I am trying to extract the content of a text file between two tags and store it to another file.
I manage to convert the input file to a multiple line string variable then use regexp successfully to get what I want in the variable.
But I fail writing my variable to a file, I assume this is because of the type of string with multiple \n inside.
I would appreciate any help. (This my first Perl Script…)
For the test, I use a index.html file but can be any text file.
Edit : solved, see correction in comments
Here below my documented code :
# Extract string between two tags
use strict;
use warnings;
my $inputfile = "";
my $outputfile = "";
# Parse Macro Arguments arguments
if(@ARGV < 2)
{
print "Usage: perl Macro_name.pl <inputfile.HTML> <outfile.HTML>\n";
exit(1);
}
$inputfile = $ARGV[0];
$outputfile = $ARGV[1];
my $body="";
# Convert input file to multiple line string #
$body = File_to_Var_Multi_Line($inputfile);
# First tag & Second tag match
if ( $body =~ /(.*)<body(.*?)>(.*)<\/body>/s )
{ # error :
my $body = $3; # $body is local here
# correction :
#Print to check if extract ok # declare another variable outside if
print $body, "\n";
}
# Write to file my match multiple line string #
open(my $fh_body, '>:encoding(UTF-8)', $outputfile)
or die "Could not open file '$outputfile' $!";
print $fh_body "$body\n";
close $fh_body;
# sub #
sub File_to_Var_Multi_Line
{
if(@_ < 1)
{
print "Usage: line=File_to_Var_Multi_Line<file>\n";
exit(1);
}
my $inputfile_2 = "";
$inputfile_2 = $_[0];
open(my $fl_in, '<:encoding(UTF-8)', $inputfile_2)

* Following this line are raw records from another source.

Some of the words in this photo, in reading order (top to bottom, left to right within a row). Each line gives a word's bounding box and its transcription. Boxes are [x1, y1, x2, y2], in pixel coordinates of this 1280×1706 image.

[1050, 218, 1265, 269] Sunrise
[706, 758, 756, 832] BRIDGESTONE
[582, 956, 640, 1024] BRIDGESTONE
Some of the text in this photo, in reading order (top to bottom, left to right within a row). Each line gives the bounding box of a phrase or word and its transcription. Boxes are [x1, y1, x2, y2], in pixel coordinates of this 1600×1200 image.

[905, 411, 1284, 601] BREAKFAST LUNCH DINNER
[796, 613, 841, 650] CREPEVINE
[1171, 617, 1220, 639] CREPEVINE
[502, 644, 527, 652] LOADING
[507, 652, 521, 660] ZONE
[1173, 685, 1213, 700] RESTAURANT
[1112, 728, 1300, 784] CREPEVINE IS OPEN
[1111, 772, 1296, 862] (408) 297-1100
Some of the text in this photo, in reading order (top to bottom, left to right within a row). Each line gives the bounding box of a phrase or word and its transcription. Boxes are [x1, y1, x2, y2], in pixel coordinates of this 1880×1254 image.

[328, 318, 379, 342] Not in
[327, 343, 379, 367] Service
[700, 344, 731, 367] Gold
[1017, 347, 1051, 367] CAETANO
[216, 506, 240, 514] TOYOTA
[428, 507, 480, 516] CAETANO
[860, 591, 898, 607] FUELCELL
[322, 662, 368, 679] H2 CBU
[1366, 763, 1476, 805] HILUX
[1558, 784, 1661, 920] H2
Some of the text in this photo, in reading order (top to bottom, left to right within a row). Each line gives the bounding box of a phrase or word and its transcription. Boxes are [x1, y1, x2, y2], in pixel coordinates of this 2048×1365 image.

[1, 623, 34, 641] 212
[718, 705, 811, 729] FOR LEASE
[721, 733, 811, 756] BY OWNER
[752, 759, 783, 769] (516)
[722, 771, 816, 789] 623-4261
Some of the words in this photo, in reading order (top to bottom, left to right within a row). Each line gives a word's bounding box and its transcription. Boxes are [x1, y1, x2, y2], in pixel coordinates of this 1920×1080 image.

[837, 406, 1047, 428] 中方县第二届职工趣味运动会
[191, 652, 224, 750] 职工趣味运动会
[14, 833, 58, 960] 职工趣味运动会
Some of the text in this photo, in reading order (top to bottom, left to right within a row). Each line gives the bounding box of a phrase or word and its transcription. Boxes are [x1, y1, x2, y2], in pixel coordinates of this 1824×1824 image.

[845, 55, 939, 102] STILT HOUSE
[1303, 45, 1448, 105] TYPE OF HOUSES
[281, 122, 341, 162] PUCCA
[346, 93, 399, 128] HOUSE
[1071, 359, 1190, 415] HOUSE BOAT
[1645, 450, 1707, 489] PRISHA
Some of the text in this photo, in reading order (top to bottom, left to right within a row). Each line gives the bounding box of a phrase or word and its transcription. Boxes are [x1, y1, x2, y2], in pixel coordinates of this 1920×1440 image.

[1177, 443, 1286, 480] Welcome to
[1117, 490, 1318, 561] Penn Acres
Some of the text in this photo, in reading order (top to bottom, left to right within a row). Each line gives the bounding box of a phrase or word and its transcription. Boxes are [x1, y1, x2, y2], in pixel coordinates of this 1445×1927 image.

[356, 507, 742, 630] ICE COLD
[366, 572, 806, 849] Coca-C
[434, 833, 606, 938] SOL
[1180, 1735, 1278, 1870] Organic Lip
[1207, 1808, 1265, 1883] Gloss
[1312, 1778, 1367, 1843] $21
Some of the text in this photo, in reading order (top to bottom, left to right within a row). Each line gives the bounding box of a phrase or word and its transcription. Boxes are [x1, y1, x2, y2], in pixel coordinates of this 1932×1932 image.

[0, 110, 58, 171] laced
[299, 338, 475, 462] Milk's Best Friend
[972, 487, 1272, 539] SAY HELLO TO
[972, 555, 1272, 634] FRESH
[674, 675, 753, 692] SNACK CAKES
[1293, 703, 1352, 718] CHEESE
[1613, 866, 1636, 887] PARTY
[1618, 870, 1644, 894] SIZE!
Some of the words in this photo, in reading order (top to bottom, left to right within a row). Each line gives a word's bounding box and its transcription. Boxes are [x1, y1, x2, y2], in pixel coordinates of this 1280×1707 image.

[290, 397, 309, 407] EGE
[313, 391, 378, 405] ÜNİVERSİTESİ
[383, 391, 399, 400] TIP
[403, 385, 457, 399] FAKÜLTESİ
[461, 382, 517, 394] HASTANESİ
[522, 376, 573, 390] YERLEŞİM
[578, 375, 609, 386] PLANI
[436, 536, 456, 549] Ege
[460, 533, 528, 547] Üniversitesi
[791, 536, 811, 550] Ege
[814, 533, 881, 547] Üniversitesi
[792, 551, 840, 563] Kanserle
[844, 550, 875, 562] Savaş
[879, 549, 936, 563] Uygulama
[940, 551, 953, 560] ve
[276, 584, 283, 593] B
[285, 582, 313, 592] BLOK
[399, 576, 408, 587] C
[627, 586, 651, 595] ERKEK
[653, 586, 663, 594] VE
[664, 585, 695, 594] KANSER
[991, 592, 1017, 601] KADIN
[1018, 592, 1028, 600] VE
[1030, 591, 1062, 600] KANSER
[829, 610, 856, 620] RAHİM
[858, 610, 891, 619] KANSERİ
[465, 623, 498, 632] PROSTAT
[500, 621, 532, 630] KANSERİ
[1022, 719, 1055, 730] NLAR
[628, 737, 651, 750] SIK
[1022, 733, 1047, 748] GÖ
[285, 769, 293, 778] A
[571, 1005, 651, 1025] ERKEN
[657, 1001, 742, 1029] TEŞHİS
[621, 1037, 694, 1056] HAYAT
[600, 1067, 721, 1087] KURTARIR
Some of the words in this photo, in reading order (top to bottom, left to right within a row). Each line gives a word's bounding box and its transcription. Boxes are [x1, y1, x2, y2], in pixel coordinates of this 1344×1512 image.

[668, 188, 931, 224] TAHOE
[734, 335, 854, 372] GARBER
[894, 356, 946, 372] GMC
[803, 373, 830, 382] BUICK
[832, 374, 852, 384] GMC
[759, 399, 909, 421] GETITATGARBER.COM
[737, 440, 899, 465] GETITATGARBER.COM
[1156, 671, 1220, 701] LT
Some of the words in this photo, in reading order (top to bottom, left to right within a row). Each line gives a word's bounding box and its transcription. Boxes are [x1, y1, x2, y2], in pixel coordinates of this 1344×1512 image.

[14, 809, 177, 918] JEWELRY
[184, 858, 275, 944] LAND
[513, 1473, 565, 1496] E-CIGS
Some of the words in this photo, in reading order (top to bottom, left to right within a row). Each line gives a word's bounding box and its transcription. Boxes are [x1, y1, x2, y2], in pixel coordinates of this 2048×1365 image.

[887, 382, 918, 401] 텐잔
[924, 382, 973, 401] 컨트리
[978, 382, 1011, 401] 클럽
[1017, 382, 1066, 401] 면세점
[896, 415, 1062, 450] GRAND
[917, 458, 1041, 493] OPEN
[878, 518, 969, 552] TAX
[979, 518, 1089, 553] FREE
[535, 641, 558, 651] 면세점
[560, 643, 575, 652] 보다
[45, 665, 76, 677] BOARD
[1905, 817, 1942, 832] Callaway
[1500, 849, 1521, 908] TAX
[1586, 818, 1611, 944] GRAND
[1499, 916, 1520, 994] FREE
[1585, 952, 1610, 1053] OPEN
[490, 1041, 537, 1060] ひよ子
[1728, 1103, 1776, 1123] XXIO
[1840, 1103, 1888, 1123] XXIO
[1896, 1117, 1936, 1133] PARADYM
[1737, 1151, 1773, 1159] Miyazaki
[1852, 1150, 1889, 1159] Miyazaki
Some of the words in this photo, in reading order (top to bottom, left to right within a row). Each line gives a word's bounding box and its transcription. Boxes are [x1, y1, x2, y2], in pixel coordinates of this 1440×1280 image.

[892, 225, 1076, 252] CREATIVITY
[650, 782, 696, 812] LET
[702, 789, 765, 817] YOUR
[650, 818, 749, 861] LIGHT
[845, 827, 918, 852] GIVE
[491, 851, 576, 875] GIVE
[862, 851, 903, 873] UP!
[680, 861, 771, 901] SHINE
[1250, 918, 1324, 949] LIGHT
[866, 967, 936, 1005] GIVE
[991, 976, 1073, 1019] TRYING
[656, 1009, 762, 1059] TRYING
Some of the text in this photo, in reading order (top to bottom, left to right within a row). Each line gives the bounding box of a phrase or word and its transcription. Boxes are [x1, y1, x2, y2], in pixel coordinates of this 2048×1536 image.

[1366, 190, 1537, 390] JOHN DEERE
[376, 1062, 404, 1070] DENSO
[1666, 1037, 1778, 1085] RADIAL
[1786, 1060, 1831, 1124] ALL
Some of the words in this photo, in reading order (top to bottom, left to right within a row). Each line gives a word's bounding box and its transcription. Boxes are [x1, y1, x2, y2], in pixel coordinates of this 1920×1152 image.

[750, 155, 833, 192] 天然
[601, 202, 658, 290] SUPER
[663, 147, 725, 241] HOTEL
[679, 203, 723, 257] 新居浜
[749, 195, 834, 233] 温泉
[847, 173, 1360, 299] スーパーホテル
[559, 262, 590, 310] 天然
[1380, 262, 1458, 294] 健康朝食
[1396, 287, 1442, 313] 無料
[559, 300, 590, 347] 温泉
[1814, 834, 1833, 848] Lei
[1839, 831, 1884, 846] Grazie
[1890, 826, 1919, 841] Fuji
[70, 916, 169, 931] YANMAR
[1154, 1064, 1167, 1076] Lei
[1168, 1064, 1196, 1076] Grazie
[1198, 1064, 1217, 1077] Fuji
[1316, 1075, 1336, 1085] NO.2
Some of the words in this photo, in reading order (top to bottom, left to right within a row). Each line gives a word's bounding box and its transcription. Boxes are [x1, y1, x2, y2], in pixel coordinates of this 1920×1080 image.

or die "Could not open file '$inputfile_2' $!";
my $line = "";
my $row_2 = "";
while (my $row_2 = <$fl_in>)
{
$line .= $row_2;
}
return $line
}
And the input test file :
<html>
<body>
<a href="page1.html">page 1</a><br>
<a href="page2.html">page 2</a><br>
<a href="page3.html">page 3</a><br>
<a href="page4.html">page 4</a><br>
<a href="page5.html">page 5</a><br>
</body>
</html>